Collection entries:
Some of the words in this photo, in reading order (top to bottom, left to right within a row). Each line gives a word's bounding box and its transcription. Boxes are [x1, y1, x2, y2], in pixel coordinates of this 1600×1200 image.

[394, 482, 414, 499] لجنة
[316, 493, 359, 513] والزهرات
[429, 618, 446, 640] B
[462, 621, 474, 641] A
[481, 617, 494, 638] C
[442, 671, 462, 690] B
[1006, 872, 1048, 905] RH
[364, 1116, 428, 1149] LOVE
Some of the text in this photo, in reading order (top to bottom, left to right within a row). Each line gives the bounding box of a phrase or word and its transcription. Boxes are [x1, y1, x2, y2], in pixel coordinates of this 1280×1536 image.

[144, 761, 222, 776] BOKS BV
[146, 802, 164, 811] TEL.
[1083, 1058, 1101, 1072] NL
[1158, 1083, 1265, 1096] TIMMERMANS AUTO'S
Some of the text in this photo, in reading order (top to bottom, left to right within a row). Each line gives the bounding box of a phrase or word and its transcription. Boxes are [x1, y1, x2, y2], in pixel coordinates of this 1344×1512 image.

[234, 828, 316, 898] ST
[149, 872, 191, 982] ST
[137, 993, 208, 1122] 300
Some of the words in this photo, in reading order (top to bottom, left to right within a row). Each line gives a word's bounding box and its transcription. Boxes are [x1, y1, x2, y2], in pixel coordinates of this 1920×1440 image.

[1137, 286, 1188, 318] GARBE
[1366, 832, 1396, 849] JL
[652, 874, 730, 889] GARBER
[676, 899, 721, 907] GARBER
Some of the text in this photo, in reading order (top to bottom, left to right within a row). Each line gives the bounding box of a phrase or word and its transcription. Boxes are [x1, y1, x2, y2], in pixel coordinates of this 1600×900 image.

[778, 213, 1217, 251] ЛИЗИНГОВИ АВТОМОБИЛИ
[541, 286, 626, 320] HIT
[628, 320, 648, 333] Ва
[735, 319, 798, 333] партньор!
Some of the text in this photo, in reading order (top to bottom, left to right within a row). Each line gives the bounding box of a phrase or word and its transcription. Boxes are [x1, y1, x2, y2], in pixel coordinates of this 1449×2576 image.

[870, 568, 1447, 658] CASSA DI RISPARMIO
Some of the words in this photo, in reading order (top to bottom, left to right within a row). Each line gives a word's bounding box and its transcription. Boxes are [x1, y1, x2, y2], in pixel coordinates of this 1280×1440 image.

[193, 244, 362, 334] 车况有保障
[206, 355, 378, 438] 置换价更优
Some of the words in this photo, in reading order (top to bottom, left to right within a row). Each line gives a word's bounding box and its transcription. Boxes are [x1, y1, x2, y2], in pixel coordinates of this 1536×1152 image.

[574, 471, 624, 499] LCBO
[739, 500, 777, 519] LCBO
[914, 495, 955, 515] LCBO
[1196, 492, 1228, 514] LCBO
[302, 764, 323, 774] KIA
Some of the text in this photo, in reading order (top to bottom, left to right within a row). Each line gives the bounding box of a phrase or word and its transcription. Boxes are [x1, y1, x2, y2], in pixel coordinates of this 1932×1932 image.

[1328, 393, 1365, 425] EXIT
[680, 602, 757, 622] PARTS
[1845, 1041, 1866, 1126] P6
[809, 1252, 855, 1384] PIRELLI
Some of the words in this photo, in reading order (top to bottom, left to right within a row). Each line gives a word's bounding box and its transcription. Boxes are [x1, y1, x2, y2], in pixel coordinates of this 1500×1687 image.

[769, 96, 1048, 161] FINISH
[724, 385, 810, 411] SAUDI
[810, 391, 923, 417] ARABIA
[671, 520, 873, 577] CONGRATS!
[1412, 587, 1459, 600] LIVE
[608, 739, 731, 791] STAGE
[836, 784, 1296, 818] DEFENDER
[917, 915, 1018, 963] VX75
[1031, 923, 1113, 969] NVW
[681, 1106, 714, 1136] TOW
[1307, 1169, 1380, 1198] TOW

Exercise instructions - Reproduce all the records precisely.

Response for this exercise -
Some of the words in this photo, in reading order (top to bottom, left to right within a row). Each line gives a word's bounding box and its transcription. Boxes are [x1, y1, x2, y2], in pixel coordinates of this 1600×1200 image.

[394, 482, 414, 499] لجنة
[316, 493, 359, 513] والزهرات
[429, 618, 446, 640] B
[462, 621, 474, 641] A
[481, 617, 494, 638] C
[442, 671, 462, 690] B
[1006, 872, 1048, 905] RH
[364, 1116, 428, 1149] LOVE
Some of the text in this photo, in reading order (top to bottom, left to right within a row). Each line gives the bounding box of a phrase or word and its transcription. Boxes are [x1, y1, x2, y2], in pixel coordinates of this 1280×1536 image.

[144, 761, 222, 776] BOKS BV
[146, 802, 164, 811] TEL.
[1083, 1058, 1101, 1072] NL
[1158, 1083, 1265, 1096] TIMMERMANS AUTO'S
Some of the text in this photo, in reading order (top to bottom, left to right within a row). Each line gives the bounding box of a phrase or word and its transcription. Boxes are [x1, y1, x2, y2], in pixel coordinates of this 1344×1512 image.

[234, 828, 316, 898] ST
[149, 872, 191, 982] ST
[137, 993, 208, 1122] 300
Some of the words in this photo, in reading order (top to bottom, left to right within a row). Each line gives a word's bounding box and its transcription. Boxes are [x1, y1, x2, y2], in pixel coordinates of this 1920×1440 image.

[1137, 286, 1188, 318] GARBE
[1366, 832, 1396, 849] JL
[652, 874, 730, 889] GARBER
[676, 899, 721, 907] GARBER
Some of the text in this photo, in reading order (top to bottom, left to right within a row). Each line gives the bounding box of a phrase or word and its transcription. Boxes are [x1, y1, x2, y2], in pixel coordinates of this 1600×900 image.

[778, 213, 1217, 251] ЛИЗИНГОВИ АВТОМОБИЛИ
[541, 286, 626, 320] HIT
[628, 320, 648, 333] Ва
[735, 319, 798, 333] партньор!
Some of the text in this photo, in reading order (top to bottom, left to right within a row). Each line gives the bounding box of a phrase or word and its transcription. Boxes are [x1, y1, x2, y2], in pixel coordinates of this 1449×2576 image.

[870, 568, 1447, 658] CASSA DI RISPARMIO
Some of the words in this photo, in reading order (top to bottom, left to right within a row). Each line gives a word's bounding box and its transcription. Boxes are [x1, y1, x2, y2], in pixel coordinates of this 1280×1440 image.

[193, 244, 362, 334] 车况有保障
[206, 355, 378, 438] 置换价更优
Some of the words in this photo, in reading order (top to bottom, left to right within a row). Each line gives a word's bounding box and its transcription. Boxes are [x1, y1, x2, y2], in pixel coordinates of this 1536×1152 image.

[574, 471, 624, 499] LCBO
[739, 500, 777, 519] LCBO
[914, 495, 955, 515] LCBO
[1196, 492, 1228, 514] LCBO
[302, 764, 323, 774] KIA
Some of the text in this photo, in reading order (top to bottom, left to right within a row). Each line gives the bounding box of a phrase or word and its transcription. Boxes are [x1, y1, x2, y2], in pixel coordinates of this 1932×1932 image.

[1328, 393, 1365, 425] EXIT
[680, 602, 757, 622] PARTS
[1845, 1041, 1866, 1126] P6
[809, 1252, 855, 1384] PIRELLI
Some of the words in this photo, in reading order (top to bottom, left to right within a row). Each line gives a word's bounding box and its transcription. Boxes are [x1, y1, x2, y2], in pixel coordinates of this 1500×1687 image.

[769, 96, 1048, 161] FINISH
[724, 385, 810, 411] SAUDI
[810, 391, 923, 417] ARABIA
[671, 520, 873, 577] CONGRATS!
[1412, 587, 1459, 600] LIVE
[608, 739, 731, 791] STAGE
[836, 784, 1296, 818] DEFENDER
[917, 915, 1018, 963] VX75
[1031, 923, 1113, 969] NVW
[681, 1106, 714, 1136] TOW
[1307, 1169, 1380, 1198] TOW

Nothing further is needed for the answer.